Figure 3.

Structural and functional characterization of WFZP genes. A, Schematic representation of the WFZP-A and WFZP-D gene structures and the mutations identified. The light red box indicates the AP2/ERF domain, and gray boxes indicate deletions. B, WFZP haplotypes of SS (red) and standard spiked (normal spiked [NS], green) lines. C, Alignment of the amino acid sequences of the AP2/ERF domains of wild type, WFZP-D, and wfzp-D.1, wfzp-D.2 mutants. Black asterisks indicate amino acids that confer specificity to the GCC-box binding site. D, Relative abundance of WFZP homoeolog mRNAs as determined by quantitative reverse transcription (qRT)-PCR with samples from spikes of bread wheat ‘Chinese Spring’ at various developmental stages of the spike (see below) and from roots and leaves. The values shown correspond to the mean values for three biological and three technical replicates, normalized to the value for the Ta.304.3 gene used as a reference. Error bars represent ses between replicates.

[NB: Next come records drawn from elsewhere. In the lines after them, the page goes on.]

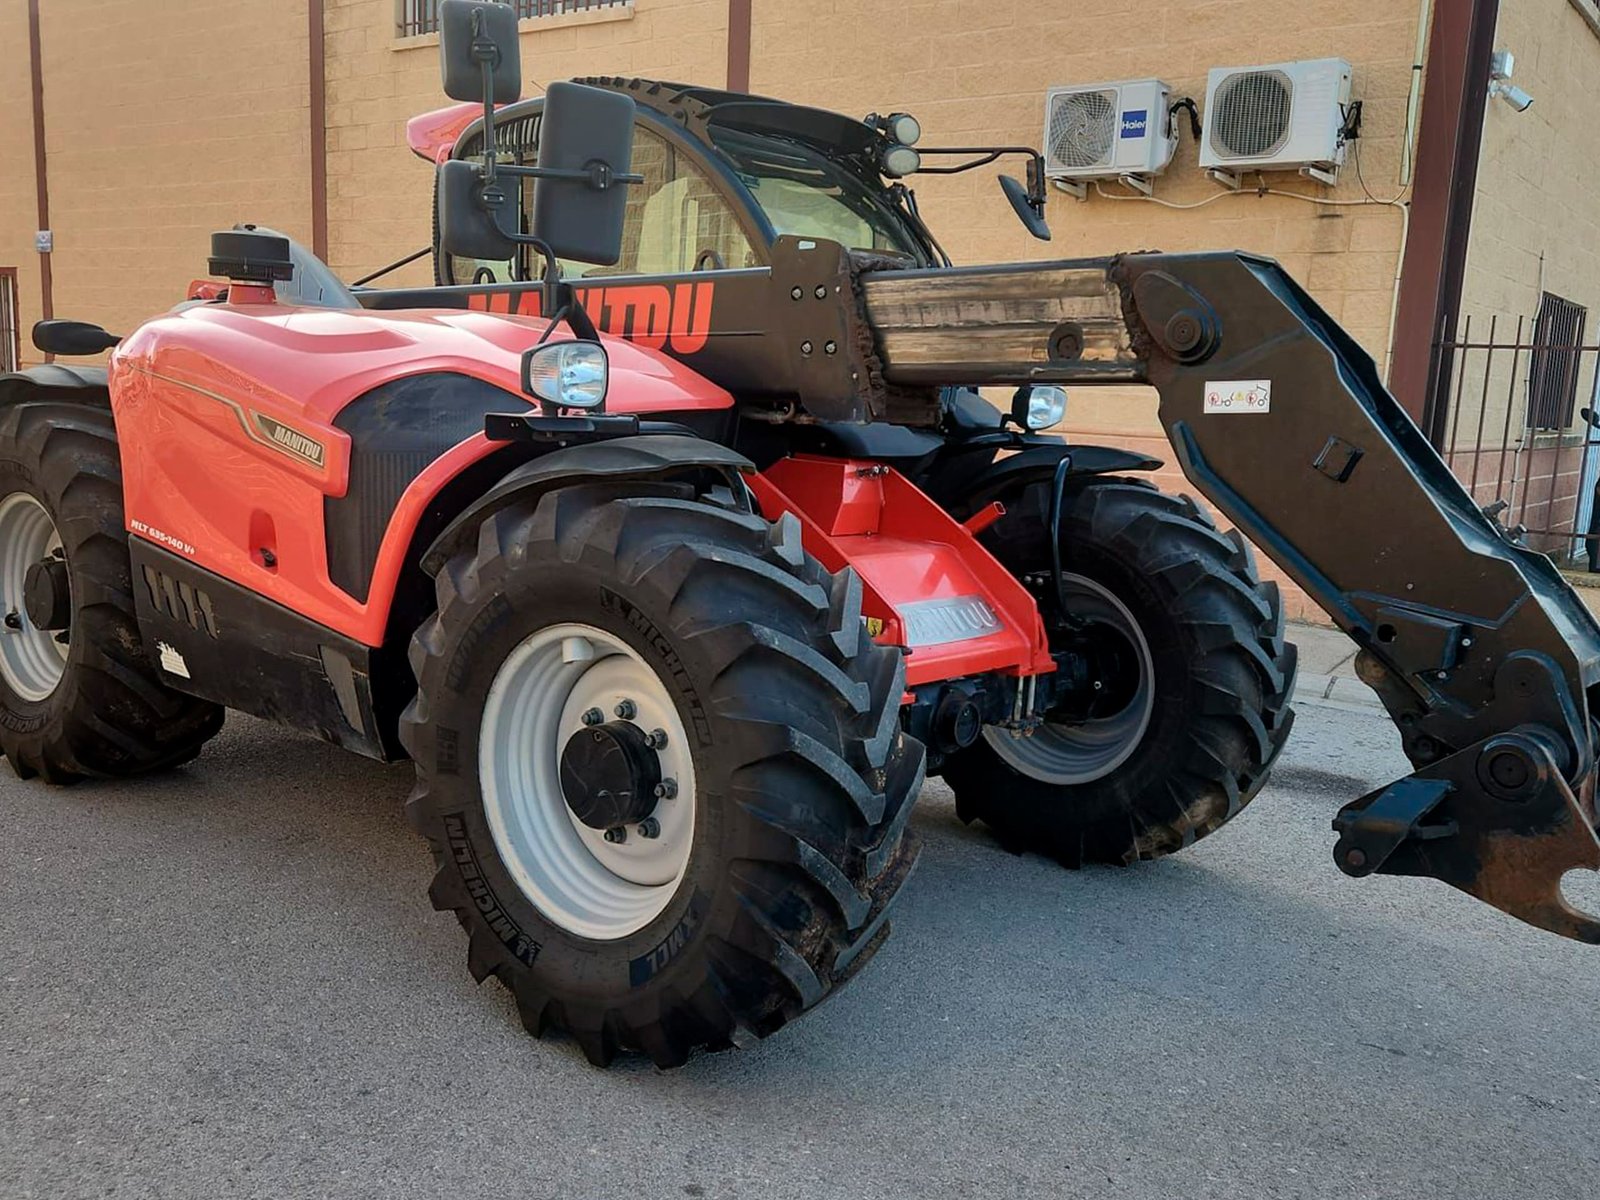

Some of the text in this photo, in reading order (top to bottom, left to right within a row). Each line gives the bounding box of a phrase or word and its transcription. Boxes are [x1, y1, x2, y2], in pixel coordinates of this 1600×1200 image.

[1122, 120, 1146, 130] Haier
[467, 282, 714, 354] ITOU
[274, 426, 321, 459] MANITOU
[130, 519, 196, 555] MLT 635-140 V+
[627, 607, 712, 745] MICHELIN
[445, 817, 518, 943] MICHELIN
[645, 906, 698, 975] XMCL
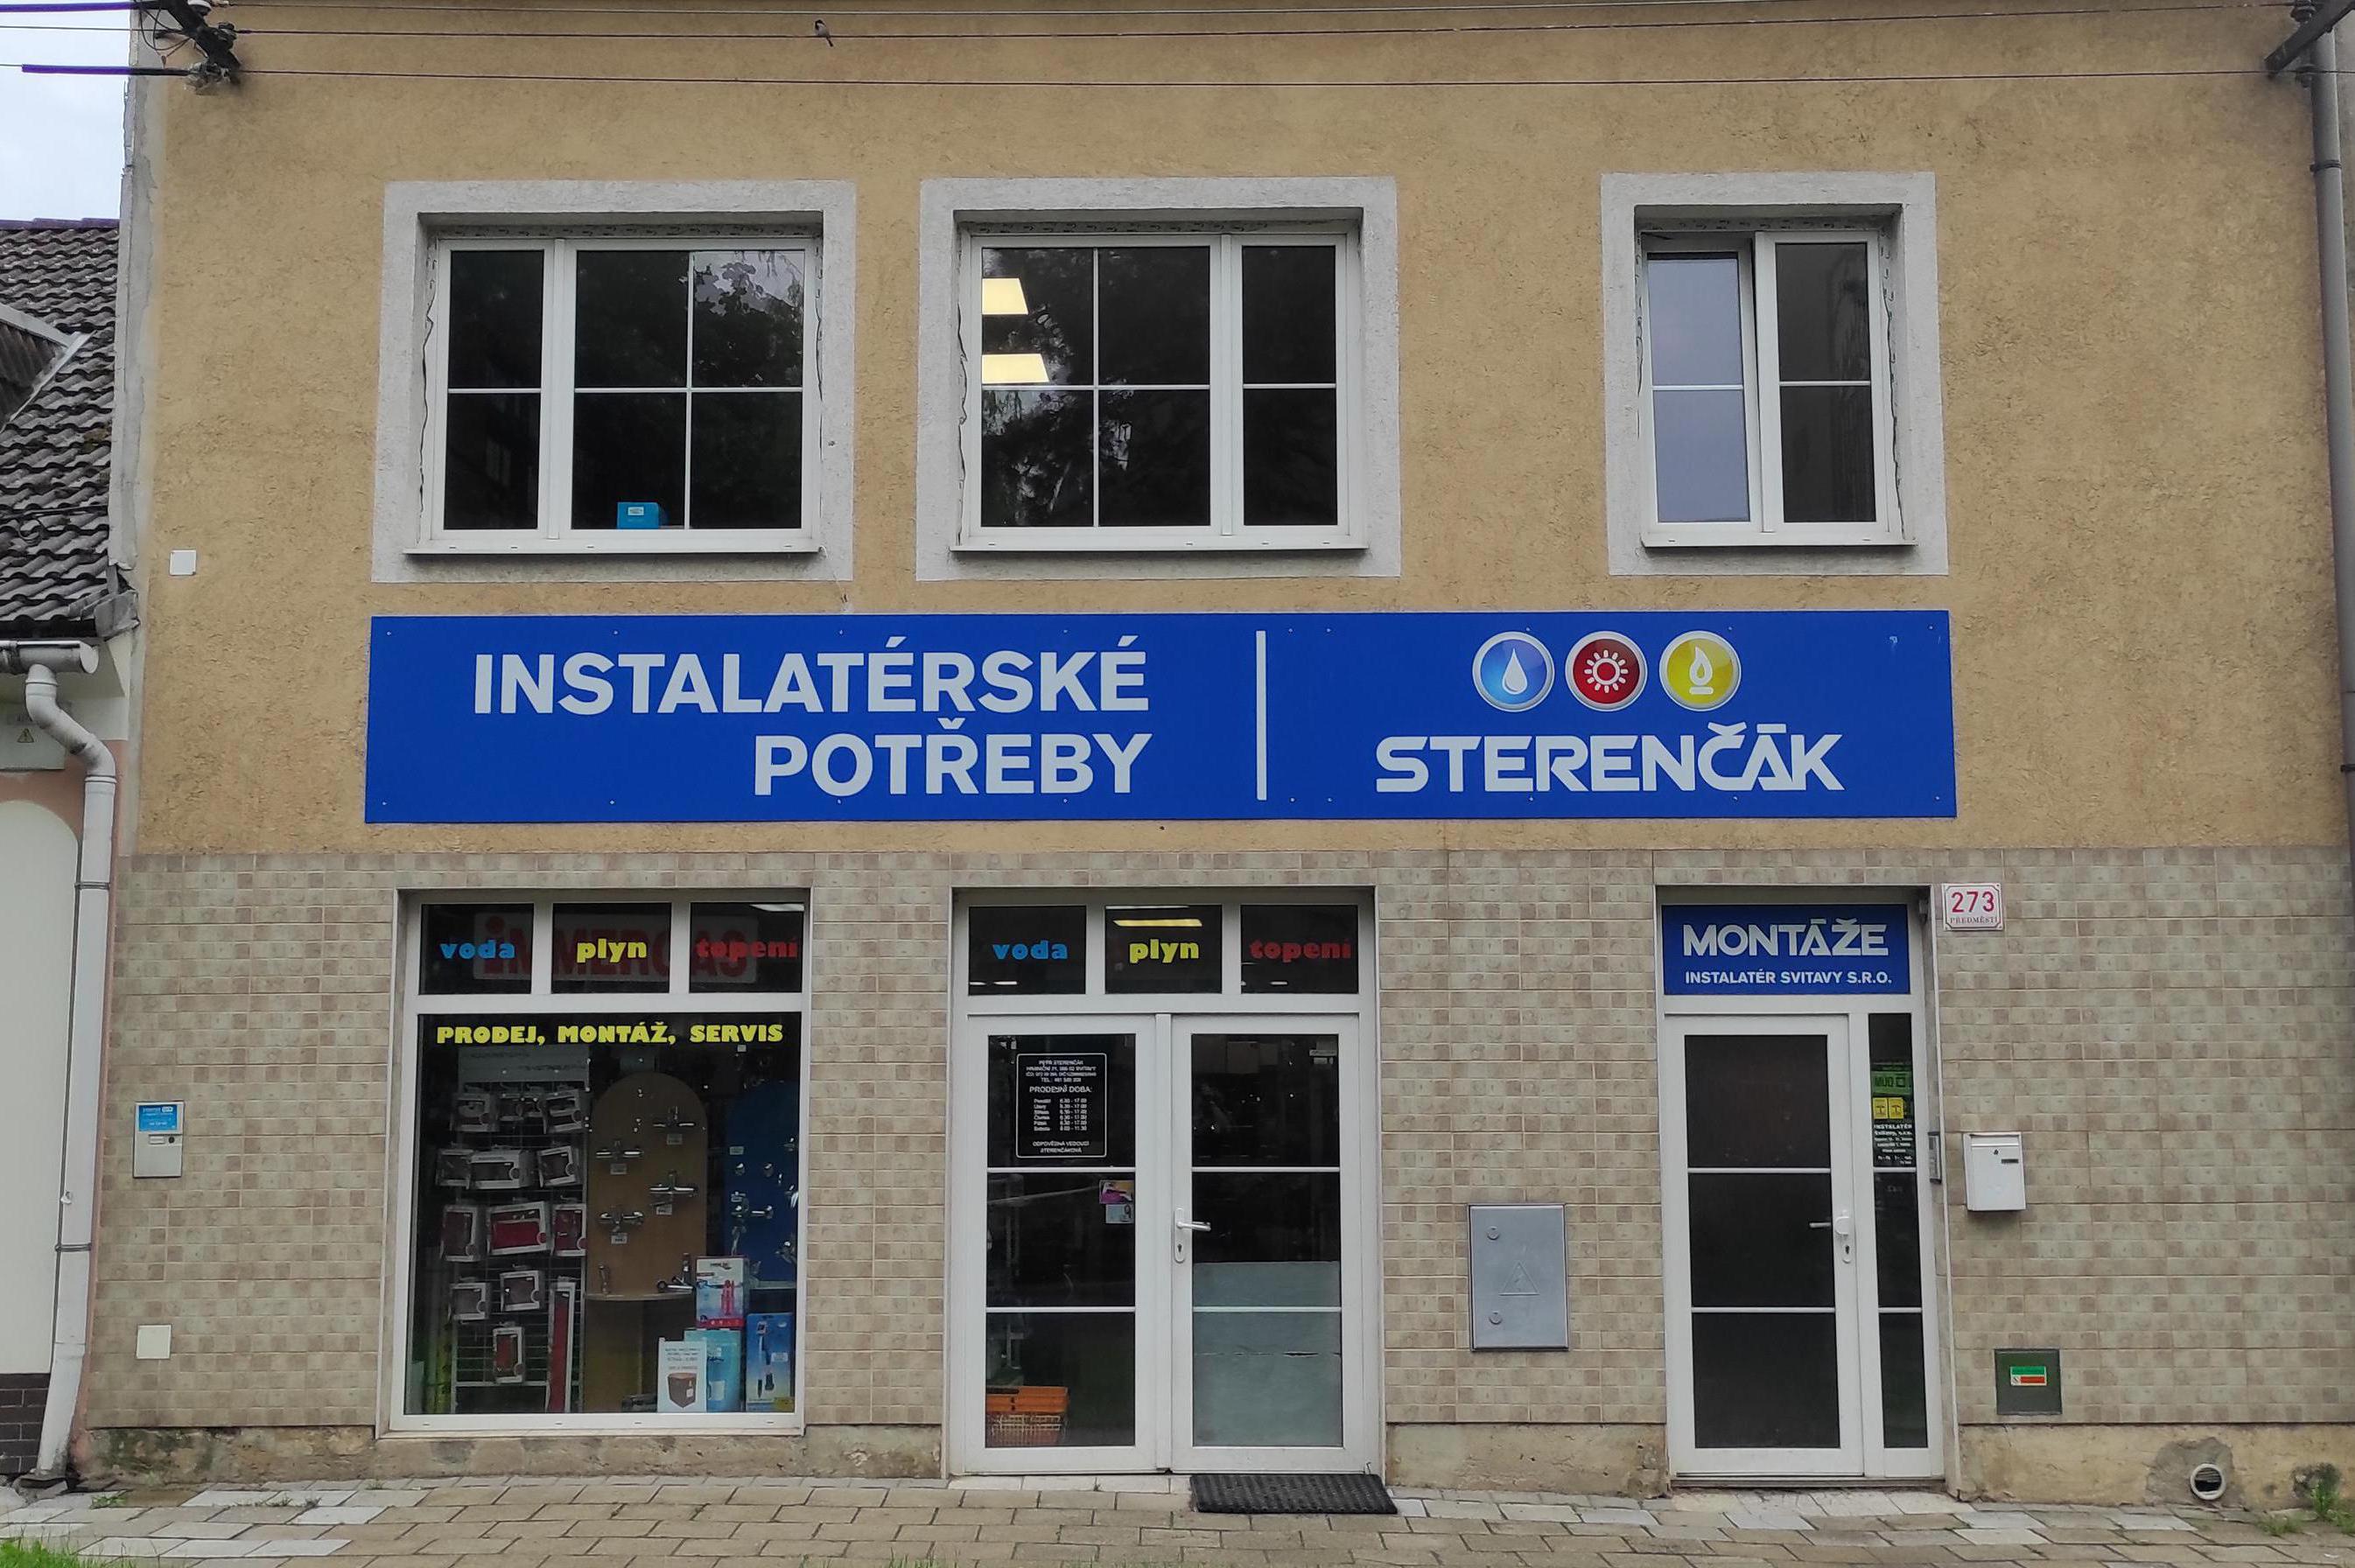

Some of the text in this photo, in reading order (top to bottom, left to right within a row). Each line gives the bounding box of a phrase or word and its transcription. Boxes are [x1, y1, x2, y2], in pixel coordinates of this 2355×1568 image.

Spike developmental stages were assigned as follows: spikelet differentiation stage (SD; when spikelets are differentiated to form two opposite rows at the rachis and glume primordia are initiated), early floret differentiation stage 1 (EFD1; spikelet meristems initiate floral meristems and lemma primordia are apparent), early floret differentiation stage 2 (EFD2; floral organ primordia are apparent in basal florets), and late floret differentiation stage (LFD; floral organs are differentiated in each floret).